Kajian yang terkait dengan bidang etika termasuk hal yang dianggap tidak bermakna oleh Ayer. Istilah moral atau etik mempunyai hubungan erat dengan arti asalnya, yaitu berasal dari kata Latin: moralis, dan istilah

ethics berasal dari bahasa Yunani: ethos. Keduanya berarti kebiasaan atau cara hidup, akhlak, moril (Prent, dkk, 1969: 56). Istilah-istilah tersebut kadang dipakai sebagai sinonim. Dewasa ini orang condong untuk memakai istilah moralitas untuk menunjukkan tingkah laku itu sendiri, sedang istilah etika, menunjuk kepada penyelidikan tentang tingkah laku (Titus, Smith & Nolan, 1979 : 141). Etika adalah salah satu cabang filsafat yang menyelidiki tentang tingkah laku manusia yang dilakukan secara sadar, sehingga dapat dibedakan mana tingkah laku yang baik, mana yang buruk. Tanggapan Positivisme Logis terhadap pernyataan dalam bidang etika tidak jauh berbeda dengan tanggapan mereka terhadap bidang metafisika. Apabila seseorang mengungkapkan perasaan moral tertentu ataupun berpura-pura menentang pengungkapan perasaan moral pihak lain, maka sesungguhnya secara sederhana tidak ada pengertian yang perlu dipersoalkan dalam hal itu. Pernyataan yang mengungkapkan perasaan moral dikategorikan sebagai pernyataan yang tidak bermakna, karena tidak dapat diuji benar atau salahnya berdasarkan fakta (Ayer, 1952: 107-108).

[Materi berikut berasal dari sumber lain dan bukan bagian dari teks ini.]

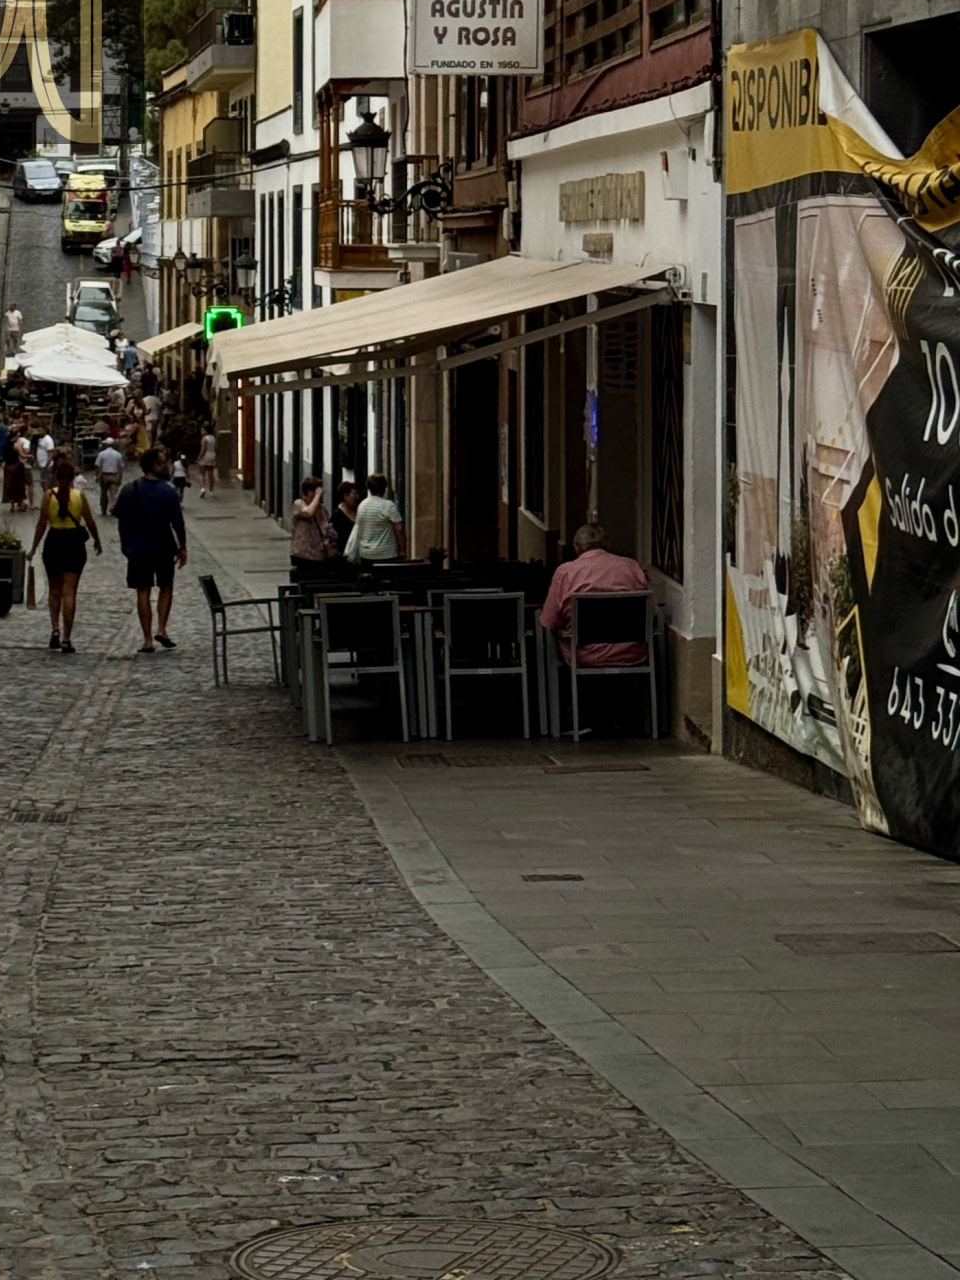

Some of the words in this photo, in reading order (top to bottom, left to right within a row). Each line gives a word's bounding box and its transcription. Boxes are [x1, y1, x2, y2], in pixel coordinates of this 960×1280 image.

[430, 0, 525, 19] AGUSTIN
[433, 26, 448, 45] Y
[457, 26, 517, 47] ROSA
[430, 60, 476, 69] FUNDADO
[480, 61, 494, 69] EN
[497, 61, 520, 69] 1950
[885, 473, 938, 542] Salida
[888, 666, 925, 730] 643

Pernyataan dalam theologis menurut Positivisme Logis, hanya mengungkapkan reaksi emosional terhadap kehidupan, tetapi tidak menyatakan apa-apa yang ada atau yang terjadi; dengan kata lain, tidak mengkomunikasikan informasi (Liek Wilardjo, 1987 : 49). Apabila seorang theolog mengatakan bahwa ‘Tuhan itu menciptakan alam semesta dalam enam masa‘, maka seorang penganut Positivisme Logis menganggap pernyataan semacam itu tidak menghadirkan informasi apa pun. Pernyataan demikian itu terletak di luar wilayah berlakunya prinsip verifikasi, karena manusia sebagai subjek dalam kehidupan di dunia ini tidak mampu melakukan verifikasi atas pernyataan tersebut. Atau dengan kata lain, ucapan-ucapan itu tidak mempunyai ‘factual content‘, tidak mempunyai kandungan faktual. Ucapan semacam itu tidak mempunyai makna kognitif, tidak berbicara tentang sesuatu fakta. Nilai pernyataan yang nonkognitif, emosional, atau ekspresif, berarti ucapan tersebut secara faktual tidak mengandung arti apa pun, semuanya tidak bermakna (Bertens,1987 : 146).

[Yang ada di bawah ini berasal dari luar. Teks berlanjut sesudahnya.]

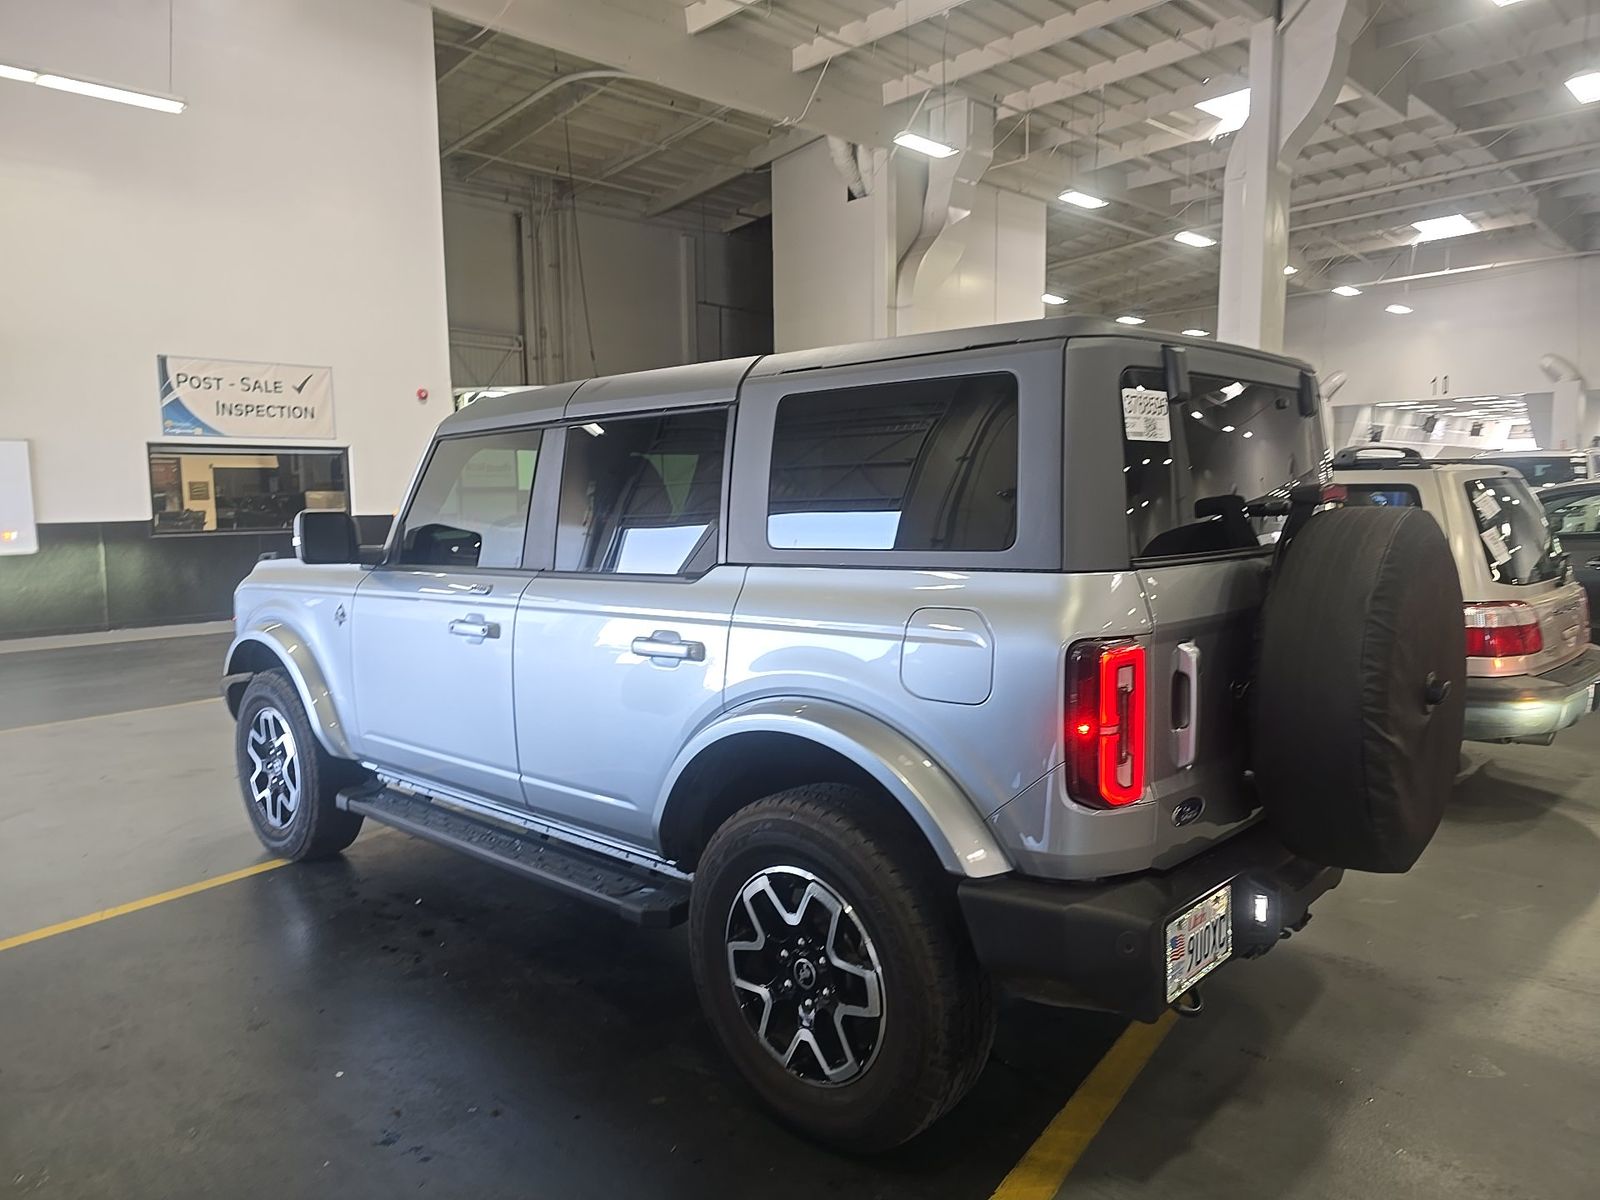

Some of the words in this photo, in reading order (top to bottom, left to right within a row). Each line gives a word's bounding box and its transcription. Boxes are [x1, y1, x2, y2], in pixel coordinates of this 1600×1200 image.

[176, 373, 224, 391] POST
[240, 376, 284, 394] SALE
[215, 400, 316, 420] INSPECTION

Alasan utama penghapusan metafisika oleh kaum Positivisme Logis ini bukan saja lantaran ungkapan-

ungkapan metafisis itu tidak dapat diverifikasi secara empiris, dan bukan pula sekadar tidak dapat dikategorikan sebagai proposisi-proposisi analitis. Hal yang lebih penting adalah upaya kaum Positivisme Logis ini untuk menjadikan filsafat sebagai pendamping utama atau pengantar ke arah bidang ilmiah dalam rangka menyusun pandangan yang positivistik mengenai dunia. Cara untuk mencapai tujuan itu salah satu syarat utamanya adalah menyingkirkan permasalahan- permasalahan semu (pseudo problems) yang ditimbulkan para metafisikus. Alasan utama menentang para metafisikus itu bukan lantaran sang metafisikus itu mencoba menggunakan pengertian dalam suatu bidang yang tidak dapat mendatangkan manfaat apa pun, melainkan lantaran sang metafisikus itu mengajukan kalimat yang gagal atau tidak memenuhi syarat tertentu untuk dikatakan kalimat yang benar-benar mengandung makna secara harafiah. Oleh karena itu diperlukan suatu tolok ukur yang pasti atas pernyataan semacam itu. Ayer menegaskan bahwa kriteria yang dipergunakan untuk menguji keaslian pernyataan yang didasarkan atas fakta adalah tolok ukur dapat diverifikasi atau tidaknya

pernyataan tersebut. Seseorang yang mengatakan bahwa sebuah kalimat mengandung makna faktual kepada orang lain berarti, jika dan hanya jika, ia mengetahui bagaimana cara menguji proposisi yang ia ungkapkan tersebut. Ia juga harus mengetahui bentuk pengamatan yang mengarahkannya di bawah kondisi yang pasti, sehingga ia mengakui proposisi itu benar atau menolaknya karena proposisi itu salah (Ayer, 1952 : 35).

Penolakan Ayer pada khususnya, atau kaum Positivisme Logis pada umumnya, terhadap metafisika itu lebih didasarkan pada kriteria-kriteria logis yang tidak dimiliki ungkapan-ungkapan metafisika. Penerapan prinsip verifikasi (verification principle) untuk menguji apakah suatu pernyataan itu dapat dikatakan sebagai bermakna atau tidak, diterima sebagai suatu cara yang paling tepat atau memadai untuk menghapus metafisika dalam bidang filsafat.